■ Directions
All of the records must be set down again word for word.

■ Data for processing
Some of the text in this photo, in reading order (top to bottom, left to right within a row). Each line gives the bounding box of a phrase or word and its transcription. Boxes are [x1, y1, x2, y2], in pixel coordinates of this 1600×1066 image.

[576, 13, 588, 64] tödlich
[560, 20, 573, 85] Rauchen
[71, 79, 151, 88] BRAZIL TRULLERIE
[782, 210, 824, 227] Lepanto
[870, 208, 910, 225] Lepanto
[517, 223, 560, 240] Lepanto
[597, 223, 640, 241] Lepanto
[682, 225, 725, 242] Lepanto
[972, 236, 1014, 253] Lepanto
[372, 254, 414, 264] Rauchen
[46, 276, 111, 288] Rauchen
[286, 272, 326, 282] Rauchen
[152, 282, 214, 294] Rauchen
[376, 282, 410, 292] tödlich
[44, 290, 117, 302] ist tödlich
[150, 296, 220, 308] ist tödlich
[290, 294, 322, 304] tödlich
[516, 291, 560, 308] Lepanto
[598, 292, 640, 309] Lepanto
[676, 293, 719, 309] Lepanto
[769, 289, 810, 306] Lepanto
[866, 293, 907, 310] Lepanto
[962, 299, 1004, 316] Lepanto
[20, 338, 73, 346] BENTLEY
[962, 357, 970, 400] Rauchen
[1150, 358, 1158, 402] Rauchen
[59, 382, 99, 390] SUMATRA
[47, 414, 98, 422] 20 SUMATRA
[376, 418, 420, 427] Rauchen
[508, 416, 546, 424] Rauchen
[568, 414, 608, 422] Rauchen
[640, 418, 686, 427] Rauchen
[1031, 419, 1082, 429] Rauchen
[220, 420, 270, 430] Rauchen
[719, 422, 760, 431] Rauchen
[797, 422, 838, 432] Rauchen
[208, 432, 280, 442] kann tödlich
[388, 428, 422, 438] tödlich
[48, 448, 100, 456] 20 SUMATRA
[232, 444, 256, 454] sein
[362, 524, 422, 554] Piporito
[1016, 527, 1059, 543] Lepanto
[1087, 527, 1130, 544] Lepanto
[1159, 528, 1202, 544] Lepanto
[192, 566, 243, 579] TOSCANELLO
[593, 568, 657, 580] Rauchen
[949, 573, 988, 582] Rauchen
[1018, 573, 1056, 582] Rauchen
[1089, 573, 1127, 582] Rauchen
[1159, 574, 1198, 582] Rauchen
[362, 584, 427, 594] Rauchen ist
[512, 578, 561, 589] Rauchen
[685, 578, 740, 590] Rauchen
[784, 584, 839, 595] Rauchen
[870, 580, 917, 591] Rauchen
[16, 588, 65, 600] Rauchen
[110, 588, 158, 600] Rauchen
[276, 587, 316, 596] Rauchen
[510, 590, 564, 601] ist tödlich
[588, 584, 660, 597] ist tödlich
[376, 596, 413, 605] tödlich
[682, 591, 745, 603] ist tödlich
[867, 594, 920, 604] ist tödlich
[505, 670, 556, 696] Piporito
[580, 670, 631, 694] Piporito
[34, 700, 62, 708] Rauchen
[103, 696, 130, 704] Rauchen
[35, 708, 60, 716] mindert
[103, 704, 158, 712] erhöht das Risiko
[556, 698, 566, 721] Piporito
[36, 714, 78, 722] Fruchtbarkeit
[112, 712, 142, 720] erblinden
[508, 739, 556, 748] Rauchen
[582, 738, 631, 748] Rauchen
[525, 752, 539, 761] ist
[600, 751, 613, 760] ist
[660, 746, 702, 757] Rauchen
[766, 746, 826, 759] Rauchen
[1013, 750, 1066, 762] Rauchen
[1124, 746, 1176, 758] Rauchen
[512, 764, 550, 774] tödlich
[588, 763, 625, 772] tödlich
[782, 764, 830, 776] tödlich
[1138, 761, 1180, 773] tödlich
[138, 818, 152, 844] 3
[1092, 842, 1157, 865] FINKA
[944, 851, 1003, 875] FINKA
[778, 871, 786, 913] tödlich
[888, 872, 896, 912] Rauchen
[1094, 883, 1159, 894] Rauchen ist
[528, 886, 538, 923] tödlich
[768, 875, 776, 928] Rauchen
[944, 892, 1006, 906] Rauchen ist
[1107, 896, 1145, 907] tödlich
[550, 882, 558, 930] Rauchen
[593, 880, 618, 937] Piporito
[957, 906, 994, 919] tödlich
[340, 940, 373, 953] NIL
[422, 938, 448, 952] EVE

■ Result of this task
Some of the text in this photo, in reading order (top to bottom, left to right within a row). Each line gives the bounding box of a phrase or word and its transcription. Boxes are [x1, y1, x2, y2], in pixel coordinates of this 1600×1066 image.

[576, 13, 588, 64] tödlich
[560, 20, 573, 85] Rauchen
[71, 79, 151, 88] BRAZIL TRULLERIE
[782, 210, 824, 227] Lepanto
[870, 208, 910, 225] Lepanto
[517, 223, 560, 240] Lepanto
[597, 223, 640, 241] Lepanto
[682, 225, 725, 242] Lepanto
[972, 236, 1014, 253] Lepanto
[372, 254, 414, 264] Rauchen
[46, 276, 111, 288] Rauchen
[286, 272, 326, 282] Rauchen
[152, 282, 214, 294] Rauchen
[376, 282, 410, 292] tödlich
[44, 290, 117, 302] ist tödlich
[150, 296, 220, 308] ist tödlich
[290, 294, 322, 304] tödlich
[516, 291, 560, 308] Lepanto
[598, 292, 640, 309] Lepanto
[676, 293, 719, 309] Lepanto
[769, 289, 810, 306] Lepanto
[866, 293, 907, 310] Lepanto
[962, 299, 1004, 316] Lepanto
[20, 338, 73, 346] BENTLEY
[962, 357, 970, 400] Rauchen
[1150, 358, 1158, 402] Rauchen
[59, 382, 99, 390] SUMATRA
[47, 414, 98, 422] 20 SUMATRA
[376, 418, 420, 427] Rauchen
[508, 416, 546, 424] Rauchen
[568, 414, 608, 422] Rauchen
[640, 418, 686, 427] Rauchen
[1031, 419, 1082, 429] Rauchen
[220, 420, 270, 430] Rauchen
[719, 422, 760, 431] Rauchen
[797, 422, 838, 432] Rauchen
[208, 432, 280, 442] kann tödlich
[388, 428, 422, 438] tödlich
[48, 448, 100, 456] 20 SUMATRA
[232, 444, 256, 454] sein
[362, 524, 422, 554] Piporito
[1016, 527, 1059, 543] Lepanto
[1087, 527, 1130, 544] Lepanto
[1159, 528, 1202, 544] Lepanto
[192, 566, 243, 579] TOSCANELLO
[593, 568, 657, 580] Rauchen
[949, 573, 988, 582] Rauchen
[1018, 573, 1056, 582] Rauchen
[1089, 573, 1127, 582] Rauchen
[1159, 574, 1198, 582] Rauchen
[362, 584, 427, 594] Rauchen ist
[512, 578, 561, 589] Rauchen
[685, 578, 740, 590] Rauchen
[784, 584, 839, 595] Rauchen
[870, 580, 917, 591] Rauchen
[16, 588, 65, 600] Rauchen
[110, 588, 158, 600] Rauchen
[276, 587, 316, 596] Rauchen
[510, 590, 564, 601] ist tödlich
[588, 584, 660, 597] ist tödlich
[376, 596, 413, 605] tödlich
[682, 591, 745, 603] ist tödlich
[867, 594, 920, 604] ist tödlich
[505, 670, 556, 696] Piporito
[580, 670, 631, 694] Piporito
[34, 700, 62, 708] Rauchen
[103, 696, 130, 704] Rauchen
[35, 708, 60, 716] mindert
[103, 704, 158, 712] erhöht das Risiko
[556, 698, 566, 721] Piporito
[36, 714, 78, 722] Fruchtbarkeit
[112, 712, 142, 720] erblinden
[508, 739, 556, 748] Rauchen
[582, 738, 631, 748] Rauchen
[525, 752, 539, 761] ist
[600, 751, 613, 760] ist
[660, 746, 702, 757] Rauchen
[766, 746, 826, 759] Rauchen
[1013, 750, 1066, 762] Rauchen
[1124, 746, 1176, 758] Rauchen
[512, 764, 550, 774] tödlich
[588, 763, 625, 772] tödlich
[782, 764, 830, 776] tödlich
[1138, 761, 1180, 773] tödlich
[138, 818, 152, 844] 3
[1092, 842, 1157, 865] FINKA
[944, 851, 1003, 875] FINKA
[778, 871, 786, 913] tödlich
[888, 872, 896, 912] Rauchen
[1094, 883, 1159, 894] Rauchen ist
[528, 886, 538, 923] tödlich
[768, 875, 776, 928] Rauchen
[944, 892, 1006, 906] Rauchen ist
[1107, 896, 1145, 907] tödlich
[550, 882, 558, 930] Rauchen
[593, 880, 618, 937] Piporito
[957, 906, 994, 919] tödlich
[340, 940, 373, 953] NIL
[422, 938, 448, 952] EVE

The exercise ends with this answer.